La questione è nota: come distinguere un tweet sponsorizzato da un semplice tweet in cui qualcuno esprime la propria soddisfazione per aver guidato la sua auto nuova, mangiato in un certo ristorante, perso chili grazie a una famosa dieta, risolto i suoi problemi cambiando assicurazione?
Il Wall Street Journal, per evidenziare come ci sia in questo momento un vuoto legislativo e anche culturale ha fatto notare che la guida ufficiale della FTC sulla pubblicità online (PDF) risale al 2000. In pratica, un’altra era del web.
Per la prima volta si è invece preso in considerazione il mondo dei social e degli smartphone, perché ci si è resi conto che il social media marketing ha bisogno di una regolamentazione, almeno a livello generale, coordinandosi con i social network e confluendo in una nota che dovrebbe valere come principio universale.

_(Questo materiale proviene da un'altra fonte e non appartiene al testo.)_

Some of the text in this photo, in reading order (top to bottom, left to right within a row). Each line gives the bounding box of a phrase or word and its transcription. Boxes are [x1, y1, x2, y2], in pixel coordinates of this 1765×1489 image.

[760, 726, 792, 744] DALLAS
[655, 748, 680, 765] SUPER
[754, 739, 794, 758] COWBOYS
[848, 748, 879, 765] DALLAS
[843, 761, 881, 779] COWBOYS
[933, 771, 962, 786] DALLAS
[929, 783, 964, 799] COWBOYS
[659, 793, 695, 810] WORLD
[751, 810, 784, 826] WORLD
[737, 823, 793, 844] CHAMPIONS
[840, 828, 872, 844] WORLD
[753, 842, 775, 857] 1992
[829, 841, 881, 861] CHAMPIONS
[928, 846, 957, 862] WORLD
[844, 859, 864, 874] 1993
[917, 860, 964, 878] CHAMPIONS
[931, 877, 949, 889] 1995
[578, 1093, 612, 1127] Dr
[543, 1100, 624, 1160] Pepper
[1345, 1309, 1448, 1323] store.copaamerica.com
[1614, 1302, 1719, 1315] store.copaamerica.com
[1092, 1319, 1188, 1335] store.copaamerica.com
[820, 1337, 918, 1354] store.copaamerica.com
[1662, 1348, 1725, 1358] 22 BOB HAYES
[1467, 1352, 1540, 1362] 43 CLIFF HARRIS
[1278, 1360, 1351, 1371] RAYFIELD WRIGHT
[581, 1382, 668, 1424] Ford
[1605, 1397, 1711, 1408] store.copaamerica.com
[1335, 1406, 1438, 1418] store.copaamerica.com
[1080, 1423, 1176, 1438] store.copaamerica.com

Esattamente come per i banner, secondo l’aggiornamento alla guida di 13 anni fa, ogni altro tipo di inserzione pubblicitaria deve essere in bella vista, significativamente distinguibile dal resto del contenuto e preferibilmente senza hyperlink a siti che possano mettere a rischio hardware e software dell’utente.

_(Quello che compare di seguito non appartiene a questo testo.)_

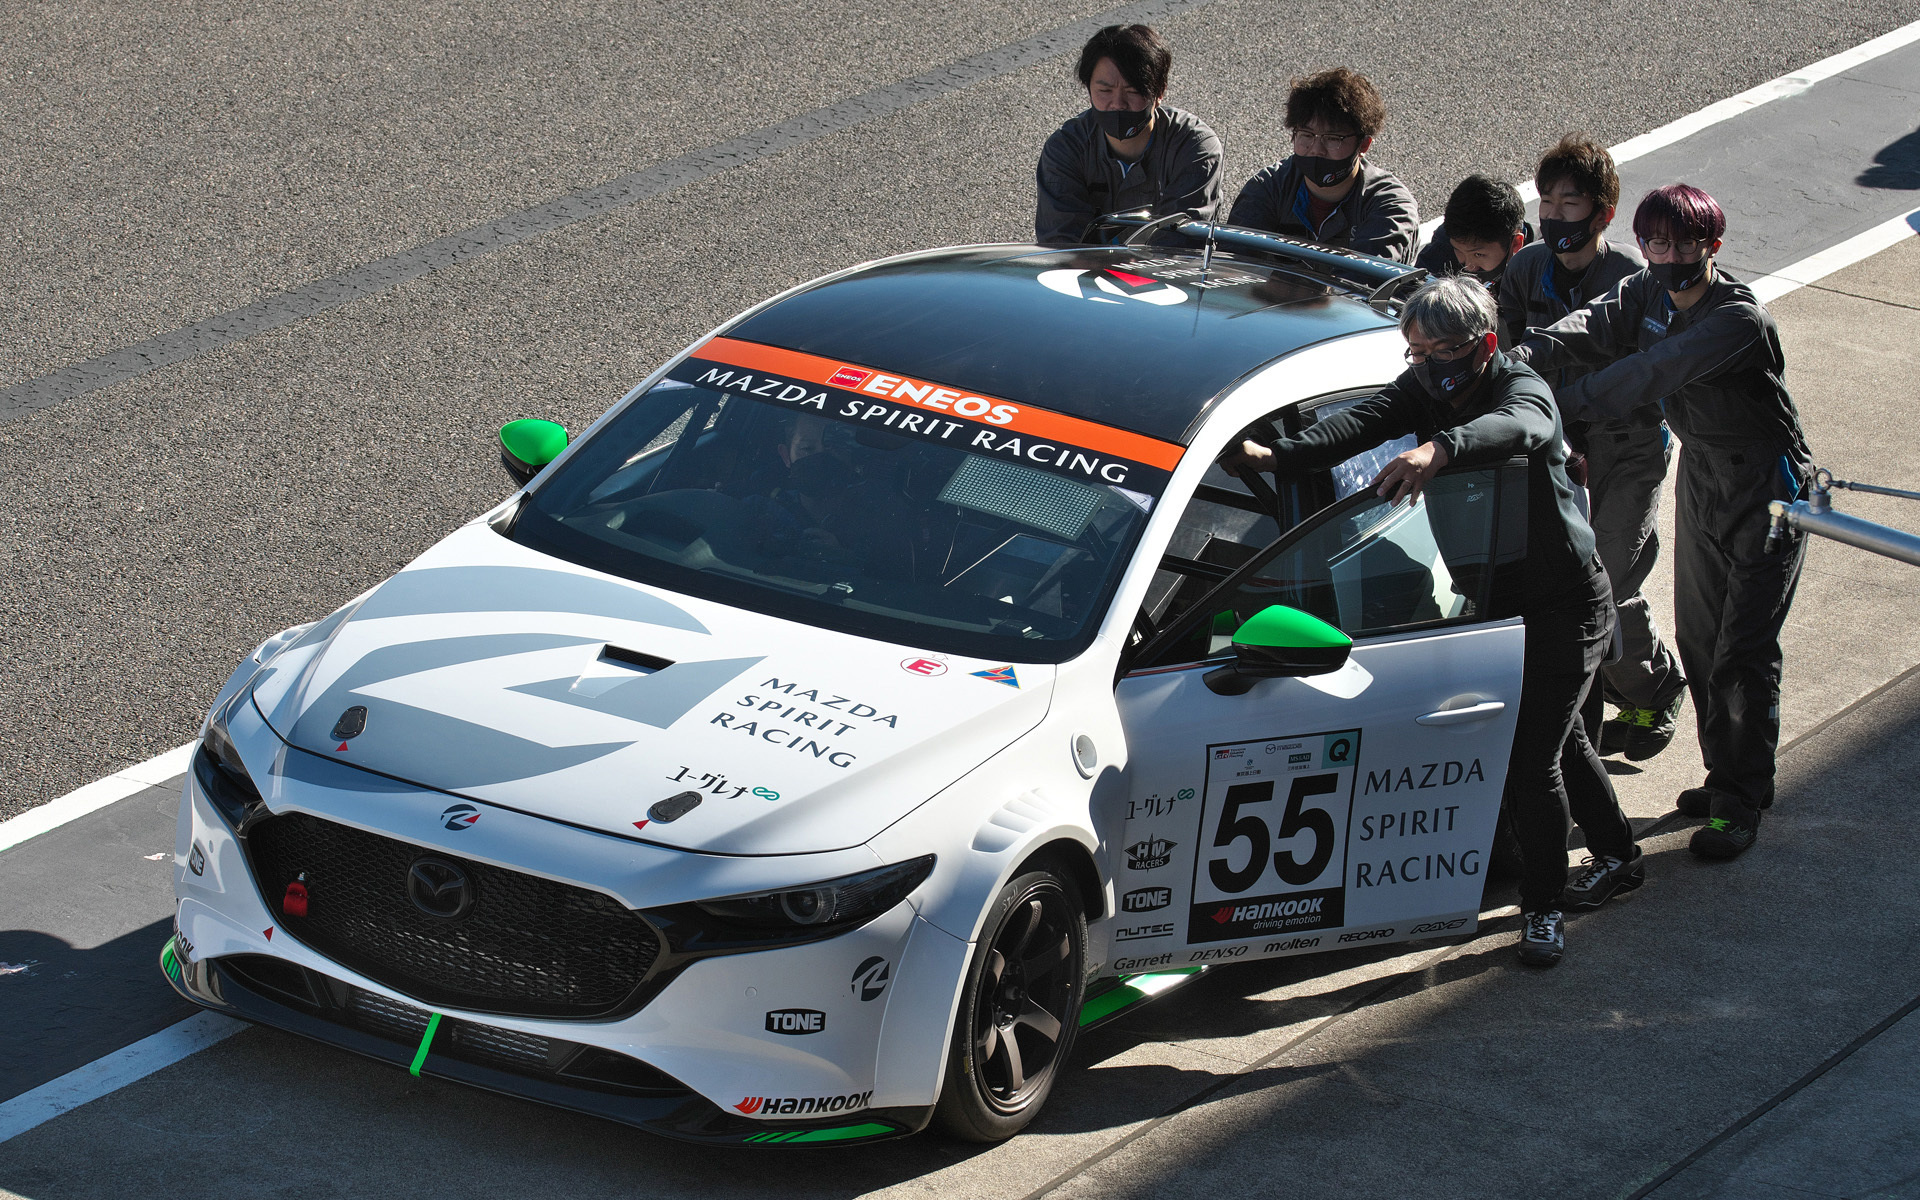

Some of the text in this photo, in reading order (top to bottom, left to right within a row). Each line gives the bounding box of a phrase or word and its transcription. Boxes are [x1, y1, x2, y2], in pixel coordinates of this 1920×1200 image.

[836, 373, 862, 382] ENEOS
[862, 374, 1019, 425] ENEOS
[696, 367, 1130, 484] MAZDA SPIRIT RACING
[736, 694, 856, 737] SPIRIT
[760, 677, 898, 729] MAZDA
[710, 712, 857, 769] RACING
[1329, 738, 1350, 762] Q
[665, 765, 749, 800] ユーグレナ
[1364, 758, 1485, 796] MAZDA
[1125, 794, 1176, 820] ユーグレナ
[1208, 773, 1339, 894] 55
[1360, 806, 1460, 841] SPIRIT
[1135, 858, 1164, 869] RACERS
[1356, 850, 1480, 889] RACING
[1126, 890, 1169, 910] TONE
[1253, 915, 1321, 930] driving emotion
[1264, 938, 1321, 952] molten
[1338, 928, 1395, 944] RECARO
[1114, 953, 1173, 970] Garrett
[1189, 945, 1248, 962] DENSO
[769, 1013, 822, 1030] TONE

Nell’aggiornamento c’è un capitolo specifico sugli annunci in forma di tweet. Come fosse un manuale, per rappresentare graficamente il problema viene utilizzato un account inesistente con esempi negativi e alternative positive.
Innanzitutto, la guida critica la diffusione dell’hashtag #spon come allerta sulla natura potenzialmente commerciale di un messaggio:
#spon non è abbastanza chiaro, molte persone ne ignorano il significato, in particolare i neofiti. Al contrario, si avrebbe bisogno di etichettare il messaggio con qualcosa di ovvio ed evidente.

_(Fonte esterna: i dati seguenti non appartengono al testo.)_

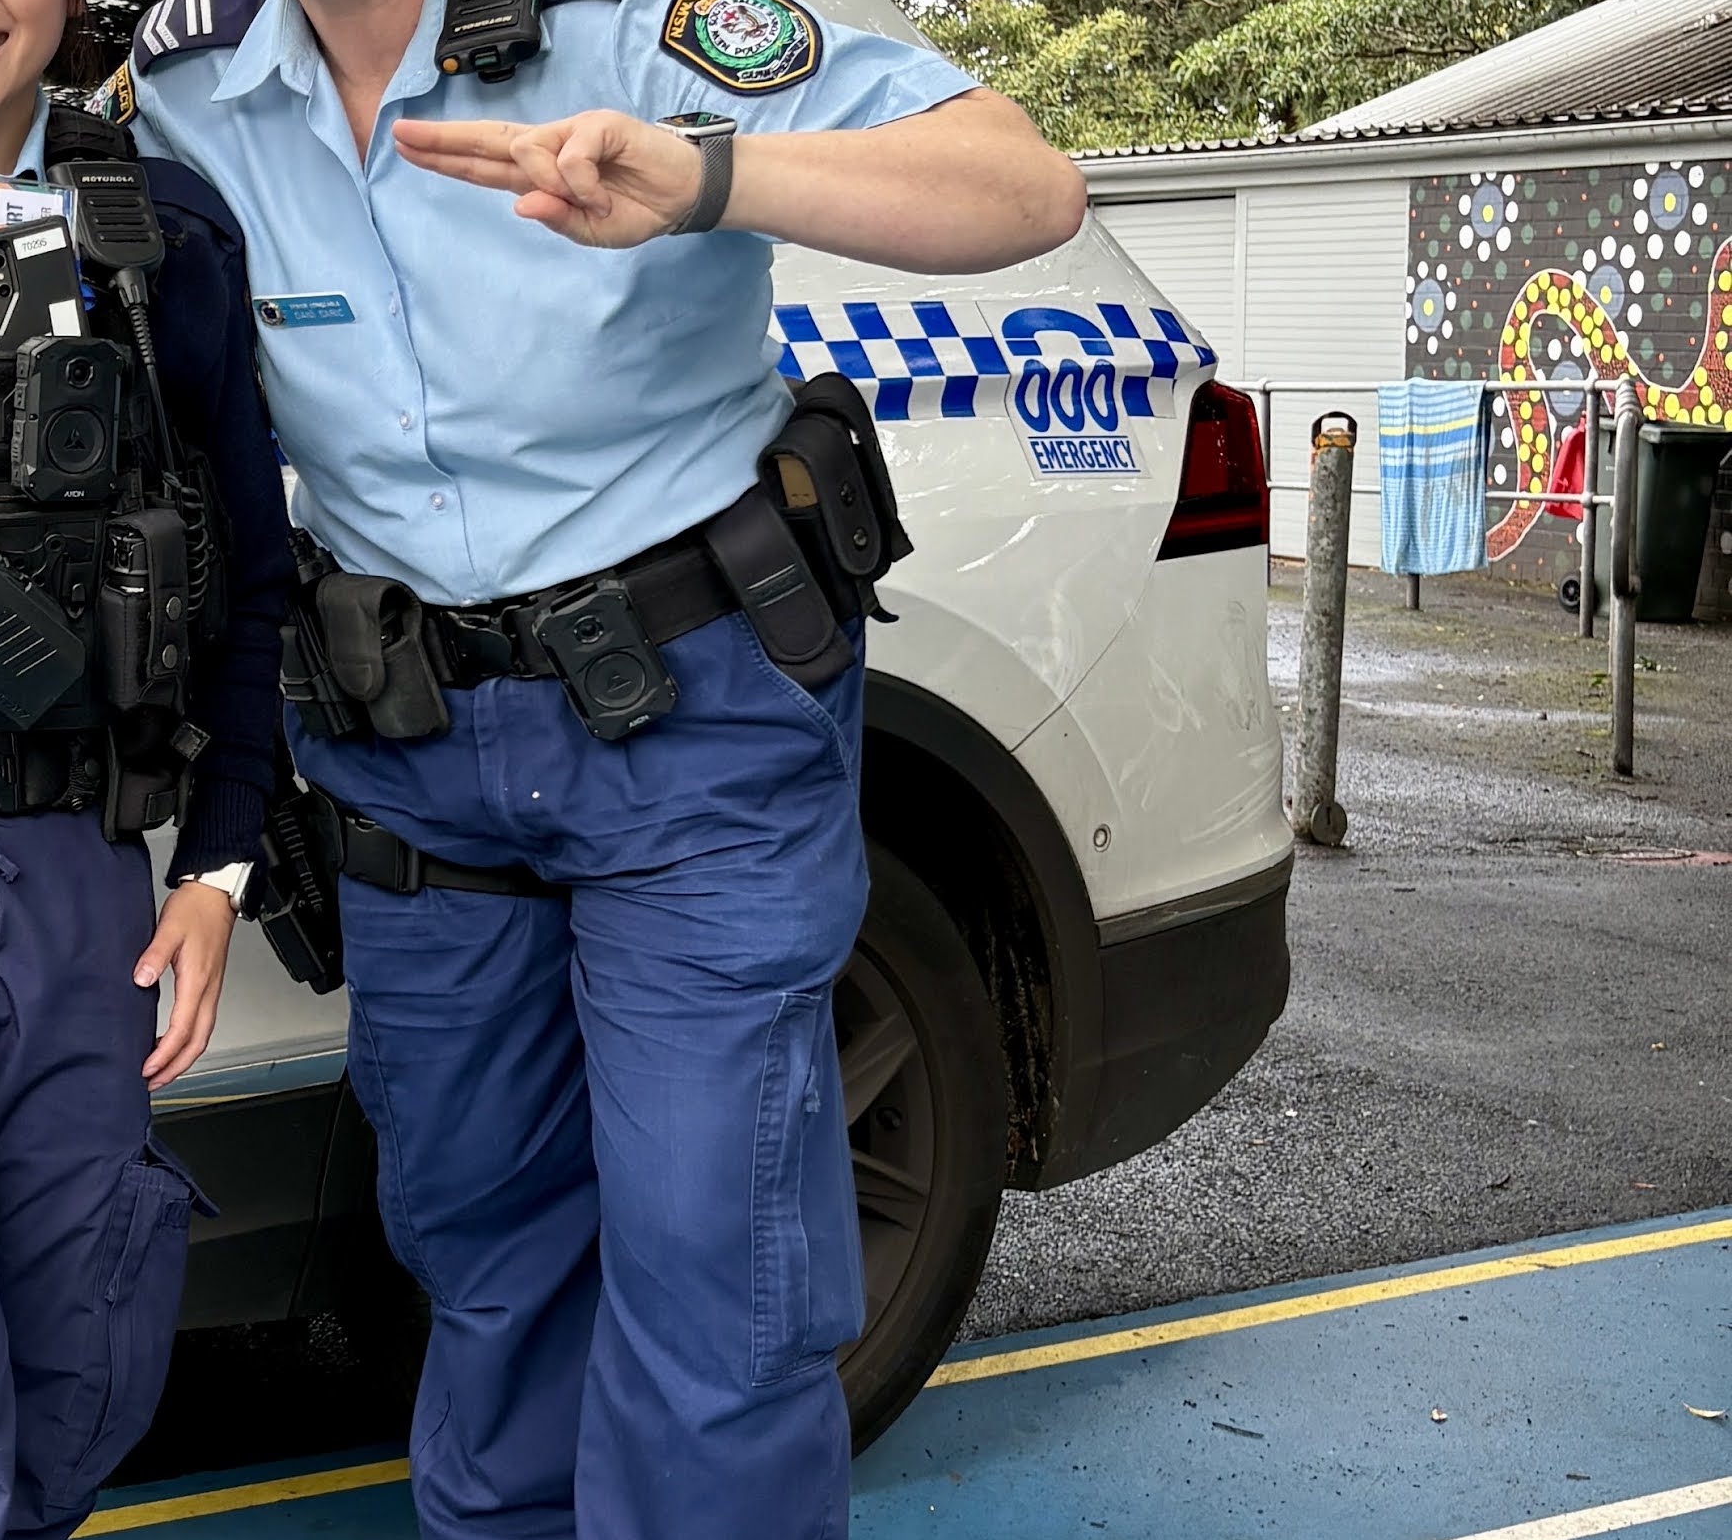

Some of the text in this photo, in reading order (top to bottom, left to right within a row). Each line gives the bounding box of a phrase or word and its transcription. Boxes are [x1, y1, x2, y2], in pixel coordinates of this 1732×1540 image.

[670, 1, 695, 39] NSW
[6, 202, 24, 225] RT
[1015, 359, 1119, 433] 000
[1030, 440, 1136, 469] EMERGENCY

Il suggerimento è un classico: aggiungere ad (advertising), una sintesi breve – per non rubare troppo spazio – all’inizio di un cinguettìo e che in lingua inglese capiscono tutti. E forse si potrebbe anche esportare e decidere di utilizzarla come standard, proprio come altre sigle in auge sul social network (basti pensare a FF).
Non è ancora chiaro come un’autorità garante possa pensare di controllare un tale flusso di informazioni, miliardi di tweet al giorno. In ogni caso, almeno teoricamente, la FTC (come in Italia il Garante della Concorrenza) avrebbero l’autorità di multare il proprietario dell’account.
In realtà, finora la politica è stata quella di privilegiare violazioni grandi di brand o twistar famose, perseguendoli civilmente solo dopo un primo avviso in cui si chiede l’eliminazione del tweet incriminato e si invita a leggere con più attenzione la policy del sito, senza ulteriori conseguenze.